[Start of Attachment]
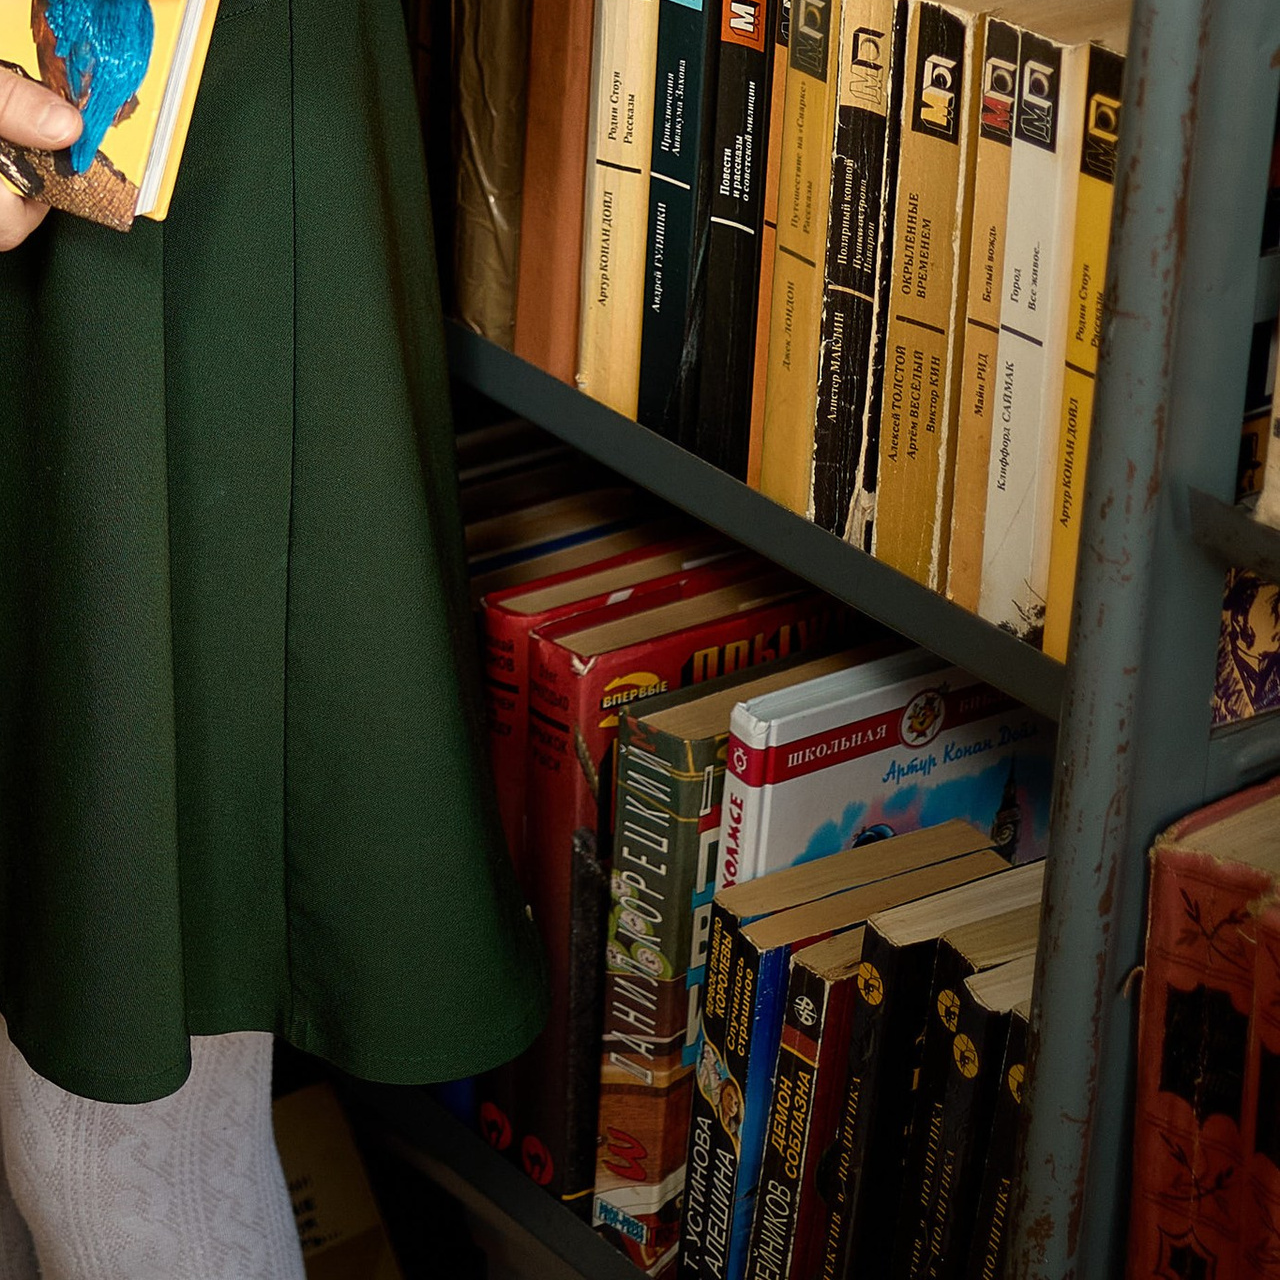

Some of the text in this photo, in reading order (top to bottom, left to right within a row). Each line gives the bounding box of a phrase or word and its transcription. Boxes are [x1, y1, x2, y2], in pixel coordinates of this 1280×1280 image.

[608, 71, 621, 141] Родни Стоун
[623, 93, 636, 145] Рассказы
[661, 72, 675, 152] Приключения
[672, 59, 687, 157] Аввакума Захова
[742, 81, 756, 202] о советской милиции
[719, 147, 732, 196] Повести
[732, 135, 744, 189] рассказы
[790, 80, 808, 229] Путешествие на «Снарке»
[597, 191, 614, 307] Артур КОНАН ДОЙЛ
[802, 180, 814, 235] Рассказы
[837, 158, 855, 265] Полярный конвой
[863, 221, 875, 274] Наварон
[901, 192, 920, 296] ОКРЫЛЁННЫЕ
[651, 202, 667, 313] Андрей ГУЛЯШКИ
[916, 218, 932, 299] ВРЕМЕНЕМ
[982, 225, 997, 303] Белый вождь
[1010, 268, 1022, 304] Город
[1027, 289, 1039, 312] Все
[782, 281, 796, 372] Джек ЛОНДОН
[1074, 263, 1091, 342] Родни Стоун
[1090, 291, 1104, 348] Рассказы
[827, 311, 845, 423] Алистер МАКЛИН
[887, 346, 906, 463] Алексей ТОЛСТОЙ
[906, 350, 924, 460] Артём ВЕСЁЛЫЙ
[926, 356, 941, 434] Виктор КИН
[974, 353, 989, 418] Майн РИД
[995, 360, 1015, 491] Клиффорд САЙМАК
[1059, 396, 1078, 528] Артур КОНАН ДОЙЛ
[601, 681, 669, 709] ВПЕРВЫЕ
[787, 723, 888, 768] ШКОЛЬНАЯ
[882, 741, 993, 785] Артур Конан
[608, 744, 673, 1084] ДАНИЛ КОРЕЦКИЙ
[704, 916, 723, 1019] ПЕРВОЕ ПРАВИЛО
[714, 932, 733, 1019] КОРОЛЕВЫ
[726, 956, 745, 1052] Случилось
[735, 968, 754, 1057] страшное
[771, 1074, 793, 1156] ДЕМОН
[785, 1070, 812, 1180] СОБЛАЗНА
[838, 1076, 861, 1182] ПОЛИТИКА
[684, 1113, 713, 1271] Т. УСТИНОВА
[705, 1148, 735, 1277] АЛЕШИНА
[End of Attachment]
_YOUR INSTRUCTIONS:_
Where a line of the data above includes "ДОЙЛ", copy that line.

_TASK OUTPUT:_
[597, 191, 614, 307] Артур КОНАН ДОЙЛ
[1059, 396, 1078, 528] Артур КОНАН ДОЙЛ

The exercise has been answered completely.